Si desea verificar si este tipo está allí, cuadro por cuadro, en este video específico realmente rápido:

  1. Convierte los marcos a HSV
  2. Encuentra el rango de tono (H en el formato HSV) de su camisa
  3. Cree una máscara binaria (si cada píxel cae dentro de ese rango)
  4. Usando un umbral en la suma de la máscara binaria, decida si está allí o no.

(Proyecto de 7 minutos … echa un vistazo a Changing Colorspaces)

Opcion 4:

Red neuronal convolucional utilizada para la detección. Esto es posible, pero releer lo que escribiste, realmente parece innecesario para este problema. Puede leer documentos en el campo tales como: RCNN, Fast-RCNN, Faster-RCNN y YOLO para comprender cómo se logra la detección de objetos en sistemas de vanguardia.

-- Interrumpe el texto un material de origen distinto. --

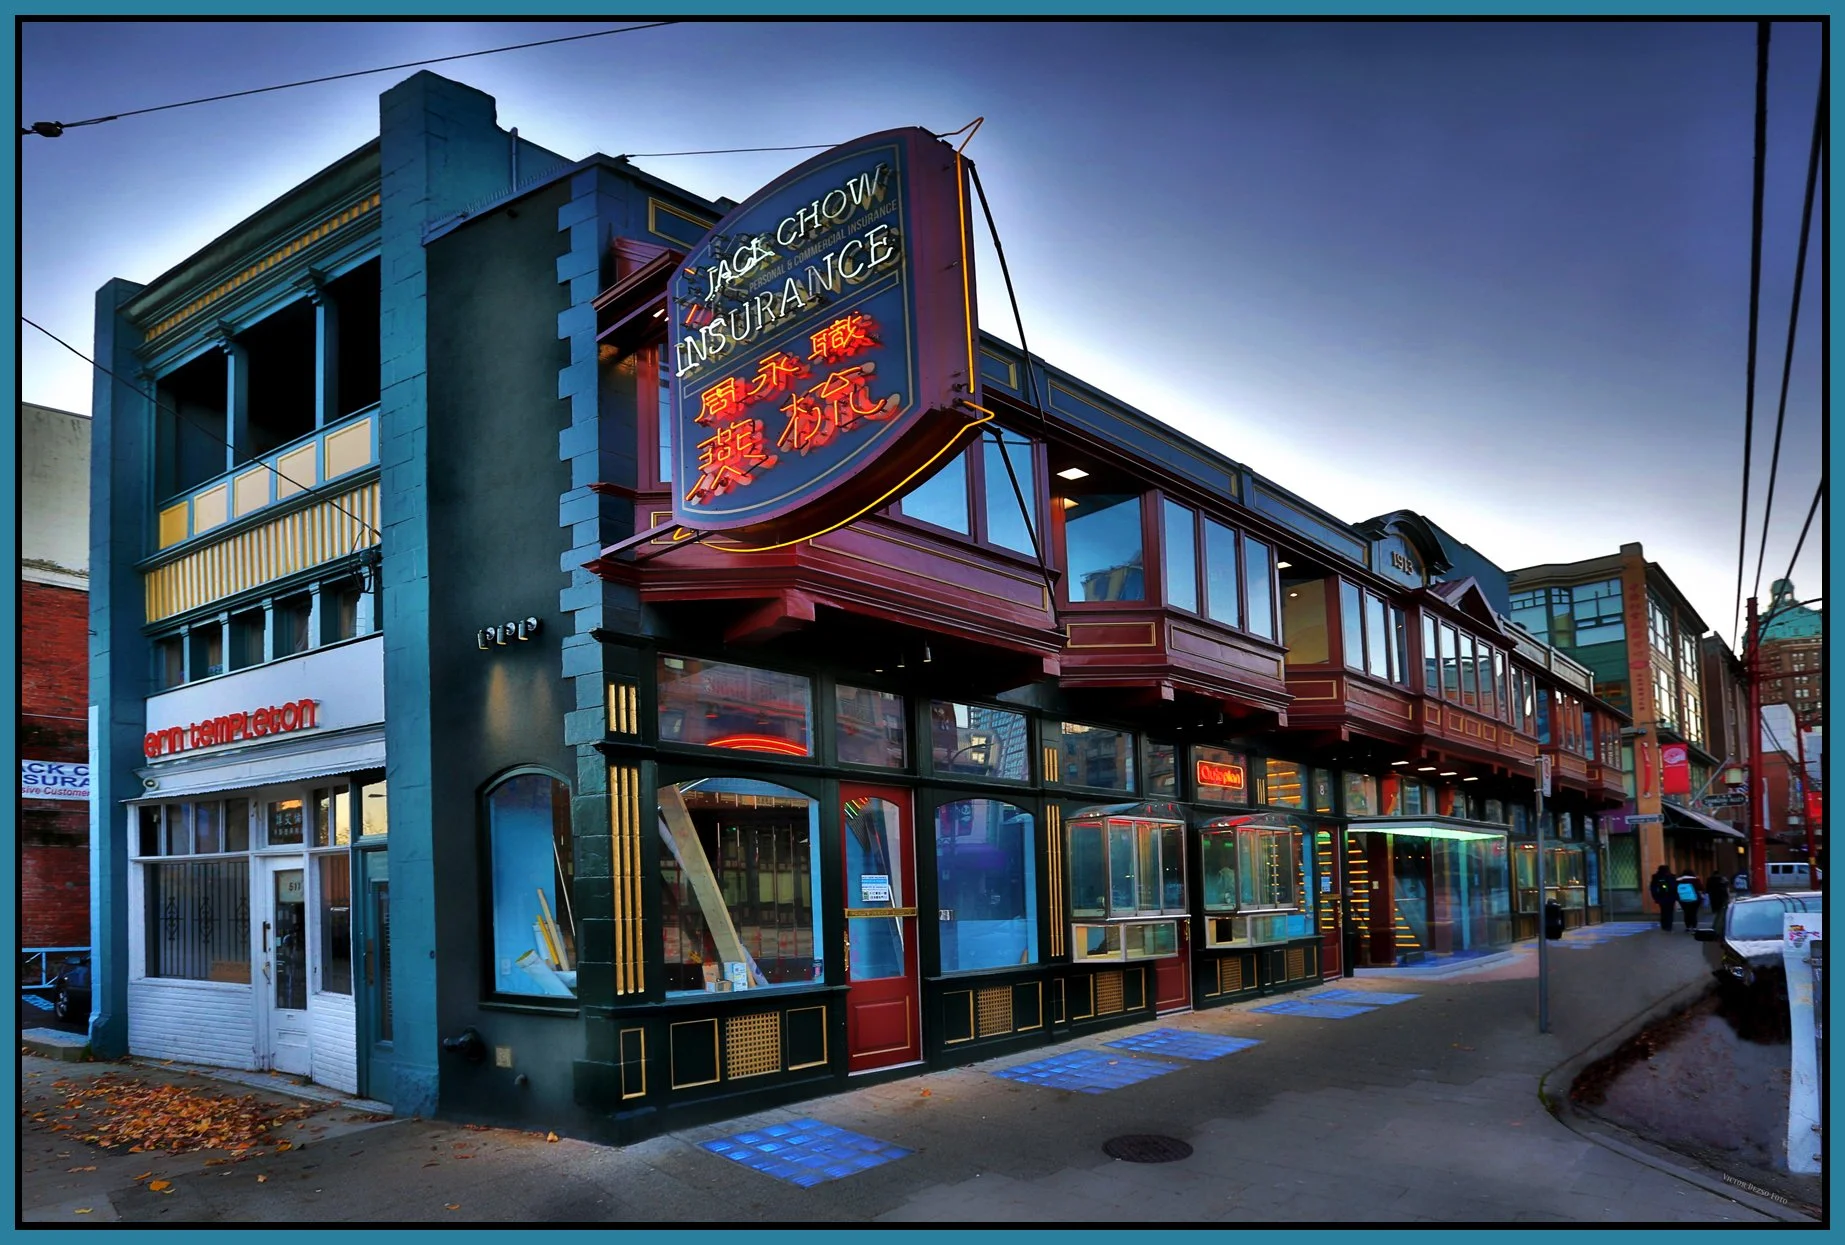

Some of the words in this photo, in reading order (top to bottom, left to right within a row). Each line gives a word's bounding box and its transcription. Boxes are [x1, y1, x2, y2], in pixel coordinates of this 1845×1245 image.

[704, 238, 775, 301] JACK
[777, 163, 887, 246] CHOW
[750, 262, 787, 292] PERSONAL
[787, 260, 795, 272] &
[794, 228, 847, 266] COMMERCIAL
[847, 200, 897, 237] INSURANCE
[675, 224, 894, 378] INSURANCE
[1391, 551, 1413, 576] 1913

https://people.eecs.berkeley.edu
https://arxiv.org/pdf/1504.08083
https://arxiv.org/pdf/1506.01497
http://pjreddie.com/media/files/

* Si puede obtener excelentes resultados sin CNN, entonces probablemente sean excesivos *

¡De todos modos, buena suerte! Y no te rindas 😉

Si solo está siguiendo a una persona en un video con una cámara estática, debe abordar el problema como tal. Hay tecnicas especificas. Si tiene cambios de punto de vista drásticos, tendrá que tomar eso en consideración. Si tienes varias personas, otro desafío. Si necesita identificar a la persona con ropa diferente en diferentes imágenes, otro desafío … Necesita reducir exactamente lo que necesita aquí. Deberías llamar a tu profesor un “objeto”, por cierto. No solo es grosero, sino que da la impresión de que desea ubicar un objeto rígido, y no parece ser el caso, lo que lo convierte en un problema muy diferente.

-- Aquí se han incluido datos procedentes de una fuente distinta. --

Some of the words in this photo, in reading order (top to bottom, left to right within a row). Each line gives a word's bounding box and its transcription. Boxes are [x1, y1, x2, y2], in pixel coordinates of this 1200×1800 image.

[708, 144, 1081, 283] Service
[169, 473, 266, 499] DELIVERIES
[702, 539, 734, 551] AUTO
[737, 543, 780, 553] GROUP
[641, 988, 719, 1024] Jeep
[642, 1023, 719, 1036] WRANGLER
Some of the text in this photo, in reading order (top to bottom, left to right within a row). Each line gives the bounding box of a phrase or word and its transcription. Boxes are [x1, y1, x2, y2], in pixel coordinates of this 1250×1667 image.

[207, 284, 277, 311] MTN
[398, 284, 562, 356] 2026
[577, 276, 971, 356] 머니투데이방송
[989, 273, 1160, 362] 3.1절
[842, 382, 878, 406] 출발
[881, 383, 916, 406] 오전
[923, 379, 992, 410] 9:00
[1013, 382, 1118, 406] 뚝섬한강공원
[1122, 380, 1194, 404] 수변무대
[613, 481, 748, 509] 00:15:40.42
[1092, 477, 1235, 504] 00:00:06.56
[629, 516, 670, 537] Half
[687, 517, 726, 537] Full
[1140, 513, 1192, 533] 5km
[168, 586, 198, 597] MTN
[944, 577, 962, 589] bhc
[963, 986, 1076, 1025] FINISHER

¡Comparación de plantillas!

Tome su imagen de consulta y realice una convolución bidimensional con la imagen de destino, comenzando en una esquina y frotando el parche de imagen en toda la imagen de destino. A continuación, aplique la supresión no máxima (o umbral simple) a la imagen resultante y las áreas de los valores más altos que le quedarán son las ubicaciones de la imagen de la consulta.